Once you have read the entries below, repeat all of them exactly.

BEGIN RECORDS SUPPLIED

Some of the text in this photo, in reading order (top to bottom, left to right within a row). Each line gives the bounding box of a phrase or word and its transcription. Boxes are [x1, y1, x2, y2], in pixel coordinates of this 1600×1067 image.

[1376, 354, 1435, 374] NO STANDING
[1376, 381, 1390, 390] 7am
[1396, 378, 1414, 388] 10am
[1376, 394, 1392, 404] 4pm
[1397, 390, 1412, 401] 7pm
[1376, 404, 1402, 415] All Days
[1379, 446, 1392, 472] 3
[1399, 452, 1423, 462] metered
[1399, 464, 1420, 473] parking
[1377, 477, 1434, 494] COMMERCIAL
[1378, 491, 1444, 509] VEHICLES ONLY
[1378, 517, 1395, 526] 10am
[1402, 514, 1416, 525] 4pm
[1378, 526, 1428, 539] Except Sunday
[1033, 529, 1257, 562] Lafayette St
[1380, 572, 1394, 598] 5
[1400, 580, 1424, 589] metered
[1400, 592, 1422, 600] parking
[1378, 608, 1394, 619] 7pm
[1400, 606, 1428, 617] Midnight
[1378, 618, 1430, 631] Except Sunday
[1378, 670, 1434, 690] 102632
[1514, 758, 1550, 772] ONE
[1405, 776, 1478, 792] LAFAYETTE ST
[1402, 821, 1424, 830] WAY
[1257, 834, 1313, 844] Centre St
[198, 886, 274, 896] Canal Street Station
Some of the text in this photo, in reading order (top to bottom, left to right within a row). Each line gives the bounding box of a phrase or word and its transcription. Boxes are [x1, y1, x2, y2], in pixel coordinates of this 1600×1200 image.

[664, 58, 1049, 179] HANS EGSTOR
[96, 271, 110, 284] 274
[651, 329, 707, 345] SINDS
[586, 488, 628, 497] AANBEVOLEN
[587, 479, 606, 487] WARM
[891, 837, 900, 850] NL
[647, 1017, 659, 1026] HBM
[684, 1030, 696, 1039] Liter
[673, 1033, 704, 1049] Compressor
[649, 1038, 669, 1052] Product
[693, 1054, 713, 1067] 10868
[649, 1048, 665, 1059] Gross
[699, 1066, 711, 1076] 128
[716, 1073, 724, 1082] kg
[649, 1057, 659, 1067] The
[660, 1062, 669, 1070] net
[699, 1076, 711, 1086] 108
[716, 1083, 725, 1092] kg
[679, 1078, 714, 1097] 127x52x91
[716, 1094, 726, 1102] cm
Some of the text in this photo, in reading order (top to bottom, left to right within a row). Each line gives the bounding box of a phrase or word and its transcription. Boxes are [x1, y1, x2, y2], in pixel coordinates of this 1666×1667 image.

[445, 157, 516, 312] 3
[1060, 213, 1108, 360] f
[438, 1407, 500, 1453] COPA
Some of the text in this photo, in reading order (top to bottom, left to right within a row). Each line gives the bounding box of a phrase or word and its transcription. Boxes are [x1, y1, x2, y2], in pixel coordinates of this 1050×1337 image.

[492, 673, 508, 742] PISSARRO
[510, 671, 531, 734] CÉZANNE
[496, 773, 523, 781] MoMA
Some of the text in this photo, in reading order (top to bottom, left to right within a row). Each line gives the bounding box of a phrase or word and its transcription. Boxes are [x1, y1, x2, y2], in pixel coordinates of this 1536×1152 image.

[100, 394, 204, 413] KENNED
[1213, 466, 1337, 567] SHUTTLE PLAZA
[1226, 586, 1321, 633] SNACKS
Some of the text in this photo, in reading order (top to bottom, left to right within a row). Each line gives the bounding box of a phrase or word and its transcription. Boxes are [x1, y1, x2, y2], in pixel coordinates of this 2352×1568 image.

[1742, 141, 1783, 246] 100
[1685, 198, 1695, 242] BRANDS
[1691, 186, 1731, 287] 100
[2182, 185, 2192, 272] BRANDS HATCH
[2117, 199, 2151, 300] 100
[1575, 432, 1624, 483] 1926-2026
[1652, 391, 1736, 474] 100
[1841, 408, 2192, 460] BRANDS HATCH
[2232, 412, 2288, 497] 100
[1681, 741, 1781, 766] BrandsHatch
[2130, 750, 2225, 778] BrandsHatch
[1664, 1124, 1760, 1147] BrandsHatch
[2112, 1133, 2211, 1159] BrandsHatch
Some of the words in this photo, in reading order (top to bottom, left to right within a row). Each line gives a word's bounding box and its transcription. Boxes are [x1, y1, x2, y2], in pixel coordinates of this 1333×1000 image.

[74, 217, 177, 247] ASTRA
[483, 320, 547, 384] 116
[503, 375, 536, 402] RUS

END RECORDS SUPPLIED

◆ EXERCISE RESPONSE
Some of the text in this photo, in reading order (top to bottom, left to right within a row). Each line gives the bounding box of a phrase or word and its transcription. Boxes are [x1, y1, x2, y2], in pixel coordinates of this 1600×1067 image.

[1376, 354, 1435, 374] NO STANDING
[1376, 381, 1390, 390] 7am
[1396, 378, 1414, 388] 10am
[1376, 394, 1392, 404] 4pm
[1397, 390, 1412, 401] 7pm
[1376, 404, 1402, 415] All Days
[1379, 446, 1392, 472] 3
[1399, 452, 1423, 462] metered
[1399, 464, 1420, 473] parking
[1377, 477, 1434, 494] COMMERCIAL
[1378, 491, 1444, 509] VEHICLES ONLY
[1378, 517, 1395, 526] 10am
[1402, 514, 1416, 525] 4pm
[1378, 526, 1428, 539] Except Sunday
[1033, 529, 1257, 562] Lafayette St
[1380, 572, 1394, 598] 5
[1400, 580, 1424, 589] metered
[1400, 592, 1422, 600] parking
[1378, 608, 1394, 619] 7pm
[1400, 606, 1428, 617] Midnight
[1378, 618, 1430, 631] Except Sunday
[1378, 670, 1434, 690] 102632
[1514, 758, 1550, 772] ONE
[1405, 776, 1478, 792] LAFAYETTE ST
[1402, 821, 1424, 830] WAY
[1257, 834, 1313, 844] Centre St
[198, 886, 274, 896] Canal Street Station
Some of the text in this photo, in reading order (top to bottom, left to right within a row). Each line gives the bounding box of a phrase or word and its transcription. Boxes are [x1, y1, x2, y2], in pixel coordinates of this 1600×1200 image.

[664, 58, 1049, 179] HANS EGSTOR
[96, 271, 110, 284] 274
[651, 329, 707, 345] SINDS
[586, 488, 628, 497] AANBEVOLEN
[587, 479, 606, 487] WARM
[891, 837, 900, 850] NL
[647, 1017, 659, 1026] HBM
[684, 1030, 696, 1039] Liter
[673, 1033, 704, 1049] Compressor
[649, 1038, 669, 1052] Product
[693, 1054, 713, 1067] 10868
[649, 1048, 665, 1059] Gross
[699, 1066, 711, 1076] 128
[716, 1073, 724, 1082] kg
[649, 1057, 659, 1067] The
[660, 1062, 669, 1070] net
[699, 1076, 711, 1086] 108
[716, 1083, 725, 1092] kg
[679, 1078, 714, 1097] 127x52x91
[716, 1094, 726, 1102] cm
Some of the text in this photo, in reading order (top to bottom, left to right within a row). Each line gives the bounding box of a phrase or word and its transcription. Boxes are [x1, y1, x2, y2], in pixel coordinates of this 1666×1667 image.

[445, 157, 516, 312] 3
[1060, 213, 1108, 360] f
[438, 1407, 500, 1453] COPA
Some of the text in this photo, in reading order (top to bottom, left to right within a row). Each line gives the bounding box of a phrase or word and its transcription. Boxes are [x1, y1, x2, y2], in pixel coordinates of this 1050×1337 image.

[492, 673, 508, 742] PISSARRO
[510, 671, 531, 734] CÉZANNE
[496, 773, 523, 781] MoMA
Some of the text in this photo, in reading order (top to bottom, left to right within a row). Each line gives the bounding box of a phrase or word and its transcription. Boxes are [x1, y1, x2, y2], in pixel coordinates of this 1536×1152 image.

[100, 394, 204, 413] KENNED
[1213, 466, 1337, 567] SHUTTLE PLAZA
[1226, 586, 1321, 633] SNACKS
Some of the text in this photo, in reading order (top to bottom, left to right within a row). Each line gives the bounding box of a phrase or word and its transcription. Boxes are [x1, y1, x2, y2], in pixel coordinates of this 2352×1568 image.

[1742, 141, 1783, 246] 100
[1685, 198, 1695, 242] BRANDS
[1691, 186, 1731, 287] 100
[2182, 185, 2192, 272] BRANDS HATCH
[2117, 199, 2151, 300] 100
[1575, 432, 1624, 483] 1926-2026
[1652, 391, 1736, 474] 100
[1841, 408, 2192, 460] BRANDS HATCH
[2232, 412, 2288, 497] 100
[1681, 741, 1781, 766] BrandsHatch
[2130, 750, 2225, 778] BrandsHatch
[1664, 1124, 1760, 1147] BrandsHatch
[2112, 1133, 2211, 1159] BrandsHatch
Some of the words in this photo, in reading order (top to bottom, left to right within a row). Each line gives a word's bounding box and its transcription. Boxes are [x1, y1, x2, y2], in pixel coordinates of this 1333×1000 image.

[74, 217, 177, 247] ASTRA
[483, 320, 547, 384] 116
[503, 375, 536, 402] RUS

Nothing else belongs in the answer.